» WHAT THE TASK ASKS
Please give every record below again exactly, and keep the pictures out.

» GIVEN ENTRIES
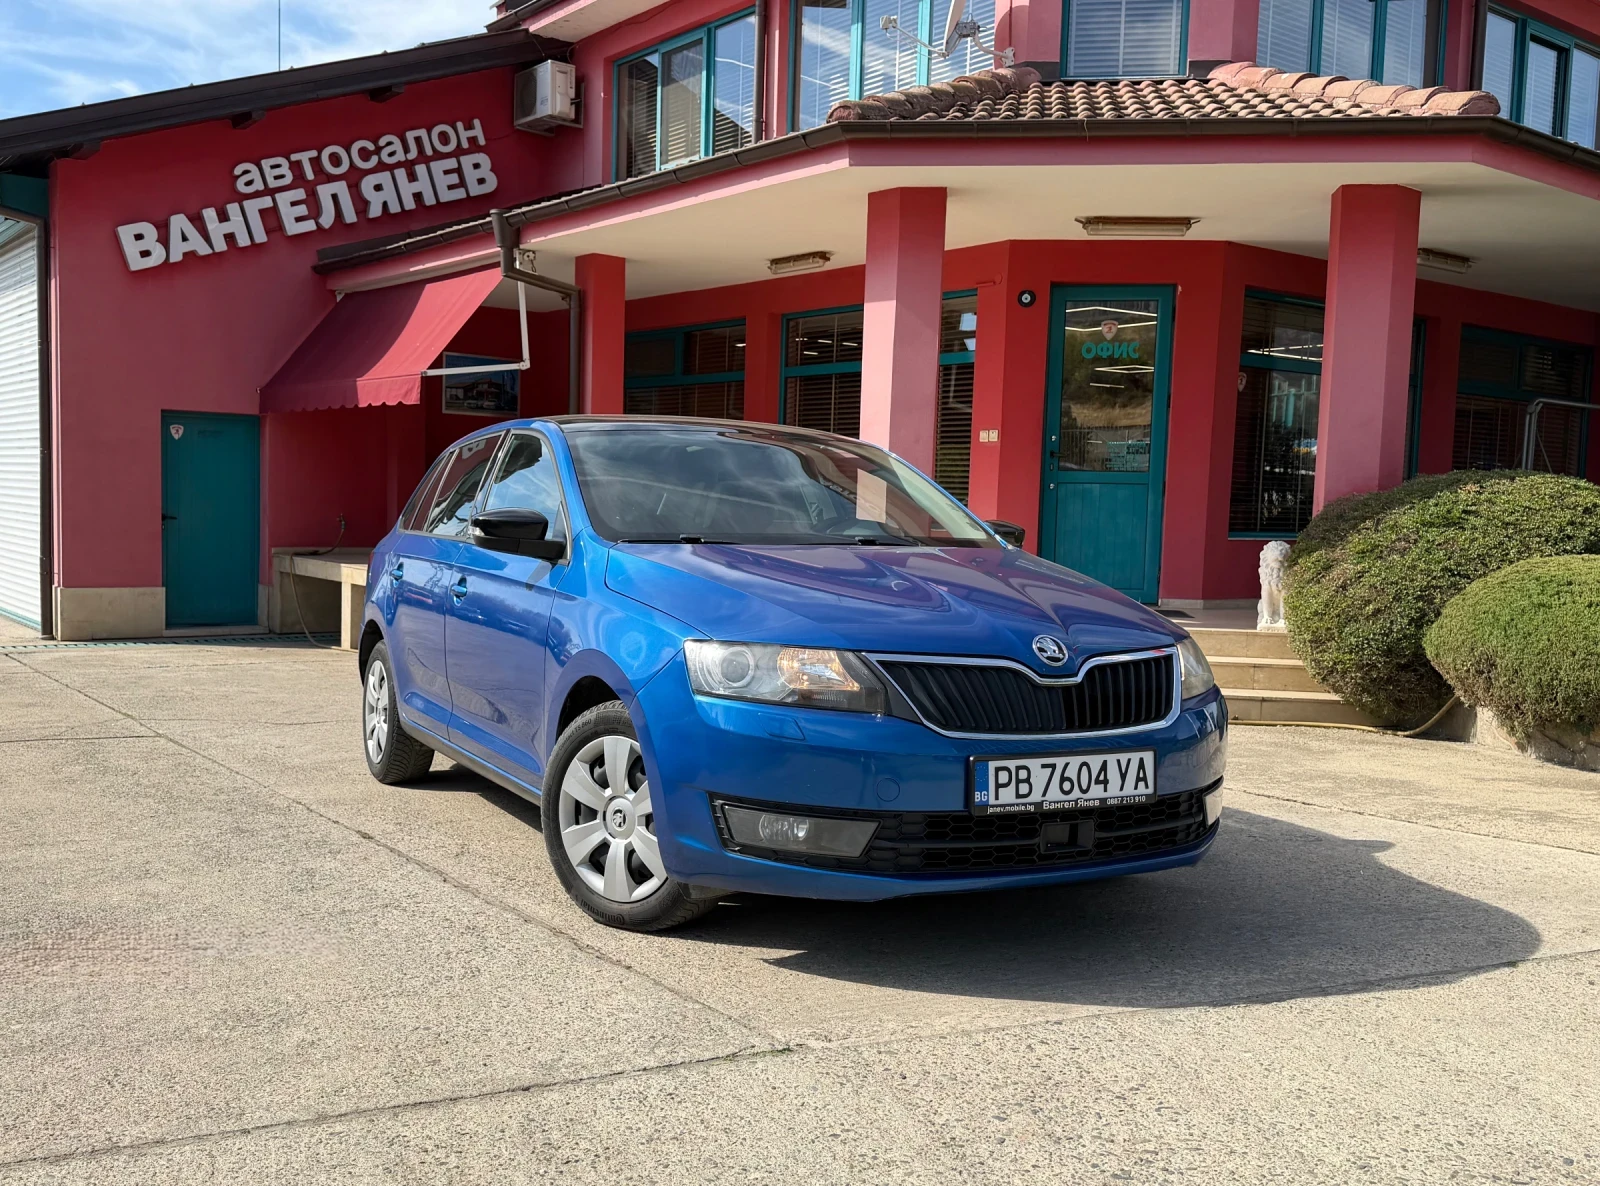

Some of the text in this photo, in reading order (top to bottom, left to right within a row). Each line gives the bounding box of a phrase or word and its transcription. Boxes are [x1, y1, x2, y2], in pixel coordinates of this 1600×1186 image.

[233, 118, 486, 194] автосалон
[115, 152, 498, 272] ВАНГЕЛ ЯНЕВ
[1081, 341, 1140, 360] ОФИС
[1041, 759, 1110, 798] 7604
[974, 791, 988, 802] BG
[1043, 798, 1100, 810] Вангел Янев
[1122, 796, 1134, 804] 213
[1134, 795, 1146, 803] 910
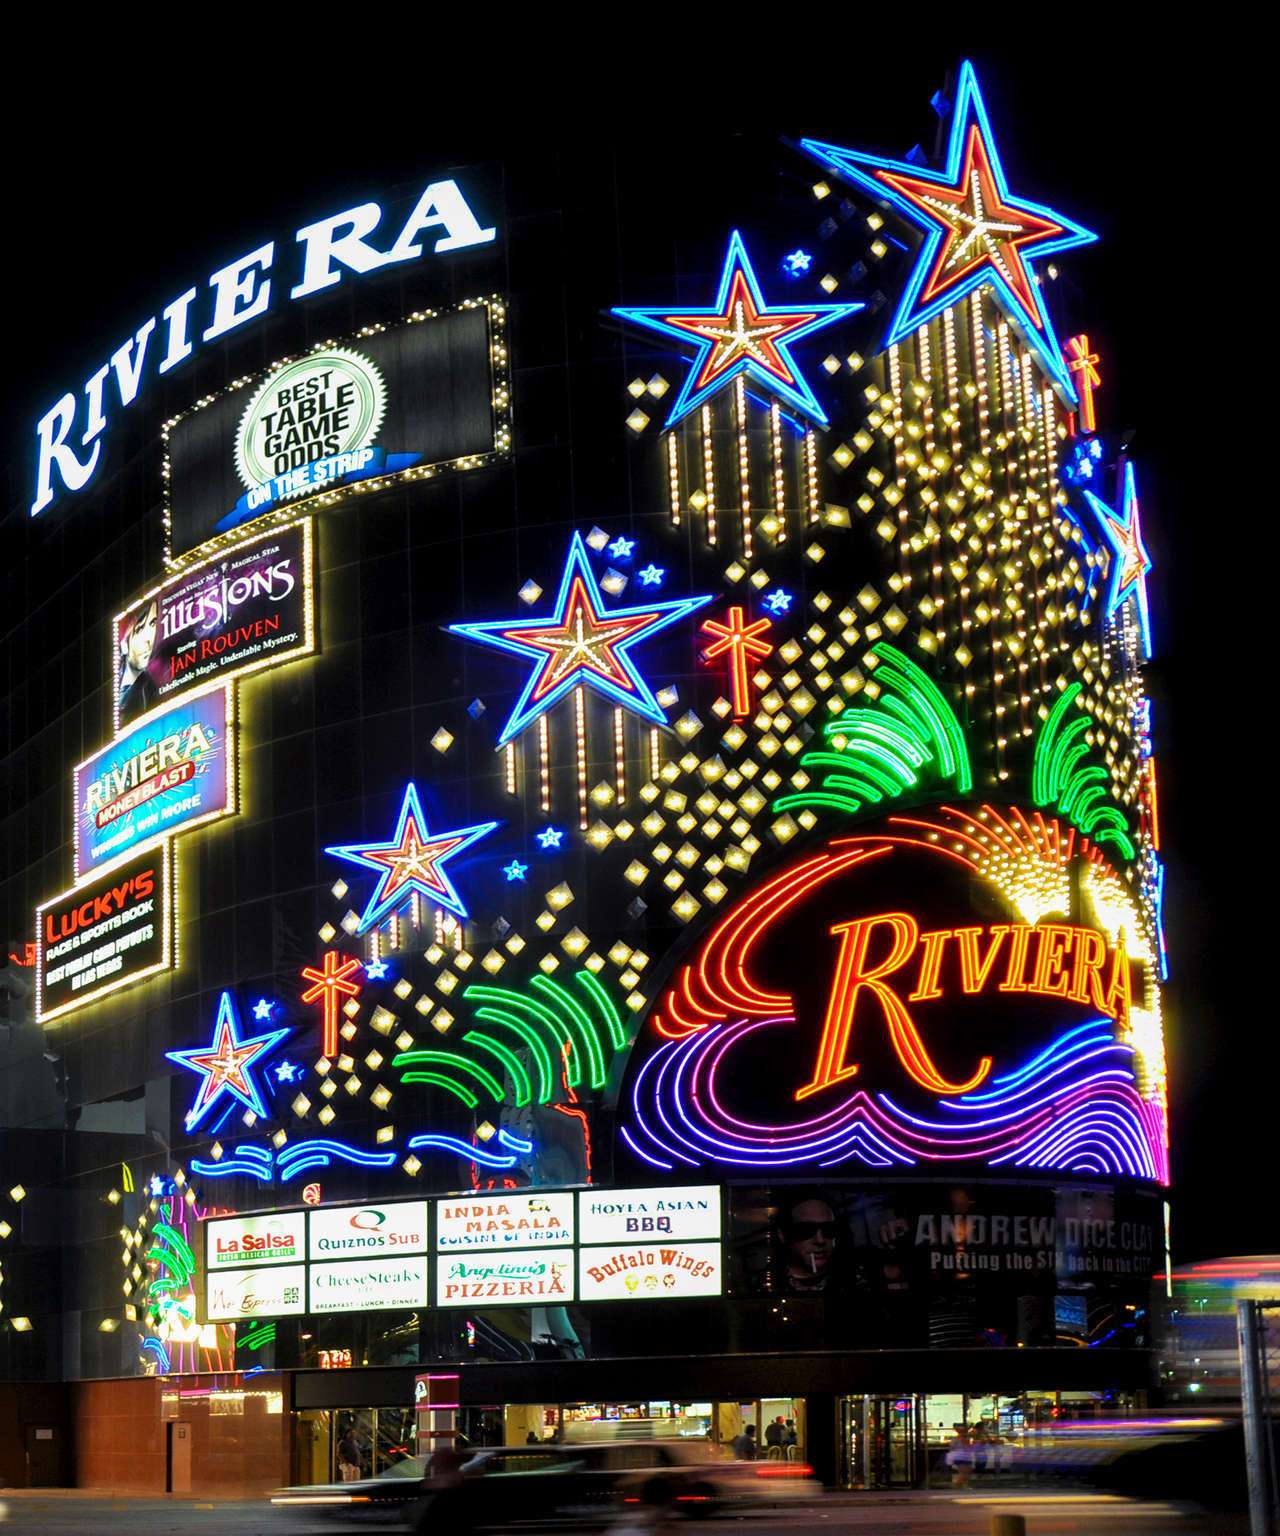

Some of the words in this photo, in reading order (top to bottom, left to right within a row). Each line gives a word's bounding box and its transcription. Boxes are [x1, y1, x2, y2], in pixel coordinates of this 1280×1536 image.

[31, 179, 496, 517] RIVIERA
[276, 370, 334, 409] BEST
[260, 381, 355, 437] TABLE
[263, 408, 350, 458] GAME
[273, 434, 341, 477] ODDS
[246, 483, 272, 510] ON
[274, 466, 310, 496] THE
[314, 448, 375, 480] STRIP
[231, 553, 261, 570] MAGICAL
[261, 545, 280, 558] STAR
[170, 649, 196, 681] JAN
[201, 614, 280, 660] ROUVEN
[220, 644, 261, 665] Undeniable
[262, 631, 298, 650] Mystery.
[84, 723, 211, 815] RIVIERA
[98, 788, 143, 826] MONEY
[141, 764, 191, 799] BLAST
[136, 812, 159, 833] WIN
[161, 794, 202, 820] MORE
[46, 869, 155, 943] LUCKY'S
[46, 939, 72, 962] RACE
[80, 915, 122, 944] SPORTS
[121, 899, 154, 925] BOOK
[794, 911, 1133, 1102] RIVIERA
[445, 1204, 510, 1219] INDIA
[656, 1199, 709, 1212] ASIAN
[439, 1233, 498, 1246] CUISINE
[504, 1232, 519, 1242] OF
[528, 1229, 570, 1241] INDIA
[466, 1216, 561, 1232] MASALA
[626, 1216, 673, 1234] BBQ
[914, 1214, 1057, 1246] ANDREW
[1064, 1217, 1117, 1250] DICE
[1120, 1221, 1153, 1251] CLAY
[216, 1237, 238, 1253] La
[242, 1232, 295, 1251] Salsa
[318, 1235, 386, 1250] Quiznos
[315, 1269, 421, 1288] CheeseSteaks
[448, 1260, 547, 1281] Angelina's
[586, 1249, 655, 1284] Buffalo
[658, 1248, 715, 1279] Wings
[930, 1251, 1000, 1271] Putting
[1006, 1252, 1033, 1270] the
[1069, 1253, 1099, 1272] back
[360, 1299, 385, 1308] LUNCH
[391, 1298, 419, 1306] DINNER
[445, 1277, 565, 1299] PIZZERIA

» SOLUTION TO THIS EXERCISE
Some of the text in this photo, in reading order (top to bottom, left to right within a row). Each line gives the bounding box of a phrase or word and its transcription. Boxes are [x1, y1, x2, y2], in pixel coordinates of this 1600×1186 image.

[233, 118, 486, 194] автосалон
[115, 152, 498, 272] ВАНГЕЛ ЯНЕВ
[1081, 341, 1140, 360] ОФИС
[1041, 759, 1110, 798] 7604
[974, 791, 988, 802] BG
[1043, 798, 1100, 810] Вангел Янев
[1122, 796, 1134, 804] 213
[1134, 795, 1146, 803] 910

Some of the words in this photo, in reading order (top to bottom, left to right within a row). Each line gives a word's bounding box and its transcription. Boxes are [x1, y1, x2, y2], in pixel coordinates of this 1280×1536 image.

[31, 179, 496, 517] RIVIERA
[276, 370, 334, 409] BEST
[260, 381, 355, 437] TABLE
[263, 408, 350, 458] GAME
[273, 434, 341, 477] ODDS
[246, 483, 272, 510] ON
[274, 466, 310, 496] THE
[314, 448, 375, 480] STRIP
[231, 553, 261, 570] MAGICAL
[261, 545, 280, 558] STAR
[170, 649, 196, 681] JAN
[201, 614, 280, 660] ROUVEN
[220, 644, 261, 665] Undeniable
[262, 631, 298, 650] Mystery.
[84, 723, 211, 815] RIVIERA
[98, 788, 143, 826] MONEY
[141, 764, 191, 799] BLAST
[136, 812, 159, 833] WIN
[161, 794, 202, 820] MORE
[46, 869, 155, 943] LUCKY'S
[46, 939, 72, 962] RACE
[80, 915, 122, 944] SPORTS
[121, 899, 154, 925] BOOK
[794, 911, 1133, 1102] RIVIERA
[445, 1204, 510, 1219] INDIA
[656, 1199, 709, 1212] ASIAN
[439, 1233, 498, 1246] CUISINE
[504, 1232, 519, 1242] OF
[528, 1229, 570, 1241] INDIA
[466, 1216, 561, 1232] MASALA
[626, 1216, 673, 1234] BBQ
[914, 1214, 1057, 1246] ANDREW
[1064, 1217, 1117, 1250] DICE
[1120, 1221, 1153, 1251] CLAY
[216, 1237, 238, 1253] La
[242, 1232, 295, 1251] Salsa
[318, 1235, 386, 1250] Quiznos
[315, 1269, 421, 1288] CheeseSteaks
[448, 1260, 547, 1281] Angelina's
[586, 1249, 655, 1284] Buffalo
[658, 1248, 715, 1279] Wings
[930, 1251, 1000, 1271] Putting
[1006, 1252, 1033, 1270] the
[1069, 1253, 1099, 1272] back
[360, 1299, 385, 1308] LUNCH
[391, 1298, 419, 1306] DINNER
[445, 1277, 565, 1299] PIZZERIA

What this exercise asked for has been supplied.